Intuitively, D’Esopo-Pape Algorithm is more efficient then Dijkstra's Algorithm (Priority Queue implementation) in most spare graph traversal since the latter requires maintenance of min binary heap with O(log V) runtime for extract_min and decrease_cost functions, but the former only uses a deque to pop and append vertexes with constant runtime.
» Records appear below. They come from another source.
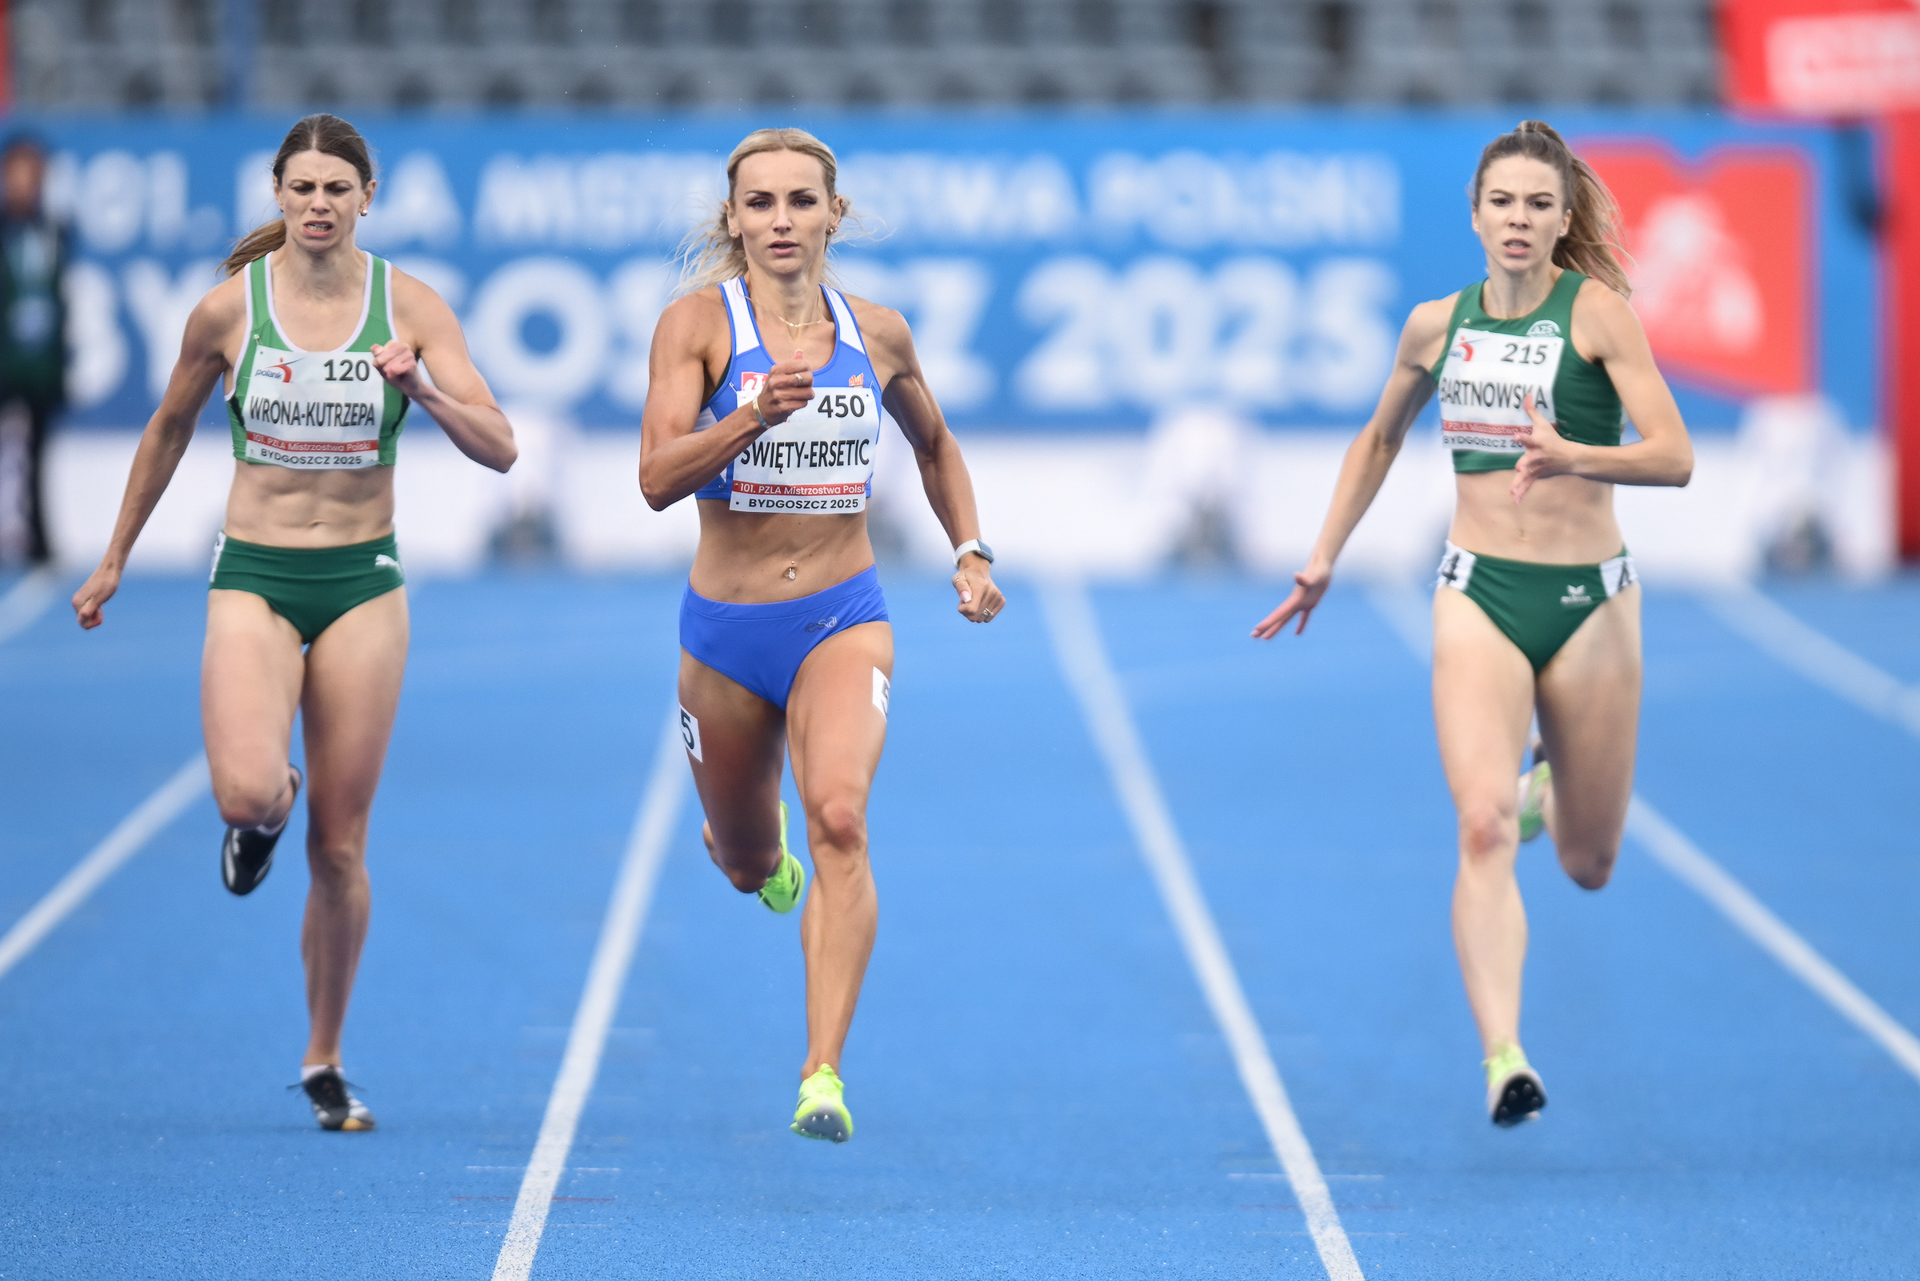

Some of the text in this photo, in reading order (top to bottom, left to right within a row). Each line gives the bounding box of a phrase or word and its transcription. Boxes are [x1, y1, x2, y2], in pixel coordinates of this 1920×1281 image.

[1014, 254, 1399, 410] 2025
[1500, 342, 1548, 365] 215
[323, 359, 370, 381] 120
[249, 396, 375, 427] WRONA-KUTRZEPA
[817, 395, 865, 418] 450
[252, 433, 371, 452] 101. PZLA Mistrzostwa Polski
[261, 448, 362, 465] BYDGOSZCZ 2025
[740, 483, 866, 496] 101. PZLA Mistrzostwa Polsk
[749, 498, 859, 509] BYDGOSZCZ 2025
[1442, 552, 1460, 585] 4
[681, 709, 695, 750] 5
Note that each vertex would enter and leave the deque several times, and that increases the runtime of D’Esopo-Pape, but in a spare graph where each vertexes enters the deque in constant amount of time, the benefit of re-entering with constant push and pop runtime for D"Esopo-Pape would outweigh the logarithmic runtime for maintaining a heap with each vertex traversed once only. Therefore D’Esopo-Pape performs more efficiently in single-source shortest path calculation than Dijkstra. Ideally D’Esopo-Pape is best used in spare real-life network where number of vertexes are orders of magnitude larger than average nodal degree (between 2 to 3), which is found to outperform all other similar algorithms [2].
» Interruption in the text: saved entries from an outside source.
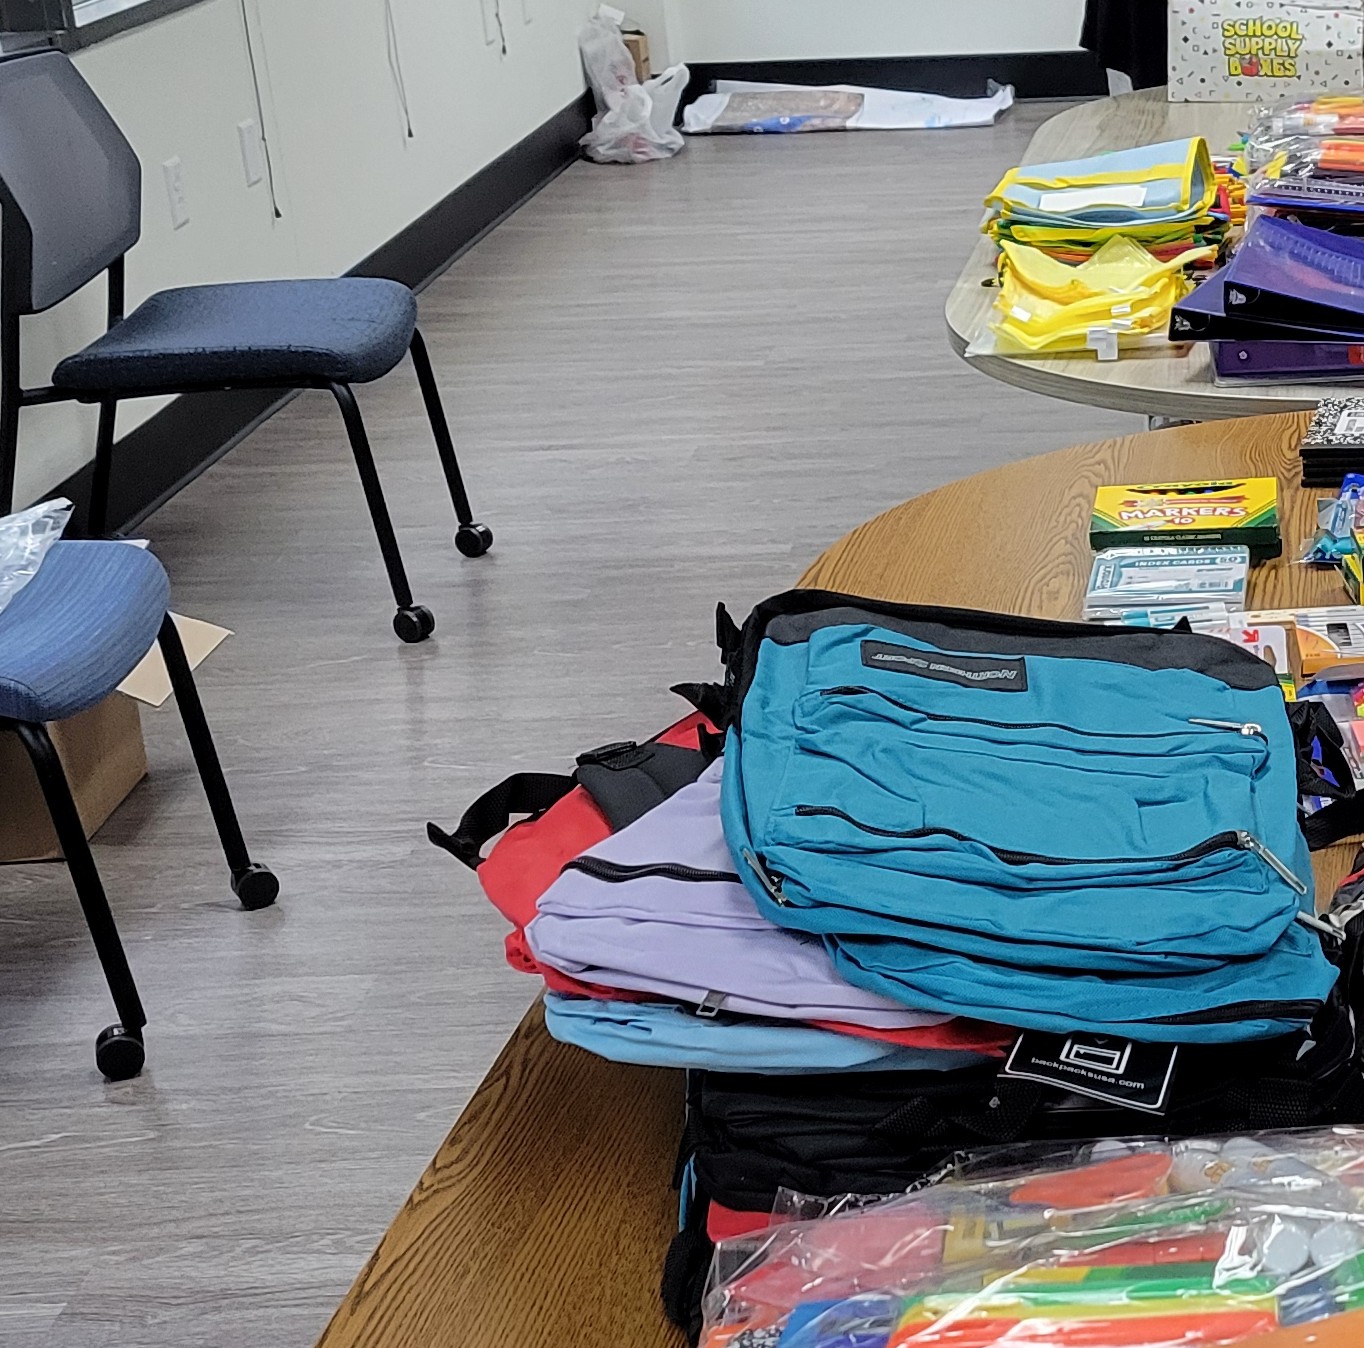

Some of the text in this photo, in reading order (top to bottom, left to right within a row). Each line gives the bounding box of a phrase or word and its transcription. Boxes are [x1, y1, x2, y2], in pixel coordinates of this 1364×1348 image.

[1221, 18, 1304, 39] SCHOOL
[1222, 37, 1302, 58] SUPPLY
[1228, 56, 1297, 77] BOXES
[1120, 507, 1248, 520] MARKERS
[1172, 517, 1194, 525] 10
[1172, 558, 1211, 566] CARDS
[1031, 1056, 1145, 1090] backpacksusa.com
However, one must always consider the worst case. It happens when applying D’Esopo-Pape to a dense graph with a particular edge weight setting. In a dense graph, average nodal degree is close to the number of vertexes, upon traversing every vertex, all its neighbours would be relabelled, and so on for all the secondary neighbours. Simply put, from source u, it could potentially be relabelled O(V) times from all first-degree neighbours; from second-degree neighbours there are O(V^2) ways to "resurrect" u; from third-degree neighbours there are O(V^3) ways; ....; all the way till (V-1)-degree neighbours with O(V^V) numbers of ways to re-examine the source. The total time complexity of examinating a vertex is exponential, and thus the worst time complexity of D’Esopo-Pape is exponential -- O(V^V).

💫Space complexity

Referring to the pseudocode, Space complexity of D’Esopo-Pape should be O(V) since for all arrays which store 1. cost and 2. previous vertex traversed would at most occupy O(V) space with each of them individually stores at most all vertexes at any iteration.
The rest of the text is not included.